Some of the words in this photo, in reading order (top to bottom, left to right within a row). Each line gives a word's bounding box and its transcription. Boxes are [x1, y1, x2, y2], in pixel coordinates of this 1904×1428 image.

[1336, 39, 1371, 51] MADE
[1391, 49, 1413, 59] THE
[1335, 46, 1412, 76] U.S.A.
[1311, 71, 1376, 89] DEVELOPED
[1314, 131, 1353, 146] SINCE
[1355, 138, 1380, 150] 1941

###

* [Your assignment]
Every record should be printed again exactly as it reads.

* [Solved problem]
Some of the words in this photo, in reading order (top to bottom, left to right within a row). Each line gives a word's bounding box and its transcription. Boxes are [x1, y1, x2, y2], in pixel coordinates of this 1904×1428 image.

[1336, 39, 1371, 51] MADE
[1391, 49, 1413, 59] THE
[1335, 46, 1412, 76] U.S.A.
[1311, 71, 1376, 89] DEVELOPED
[1314, 131, 1353, 146] SINCE
[1355, 138, 1380, 150] 1941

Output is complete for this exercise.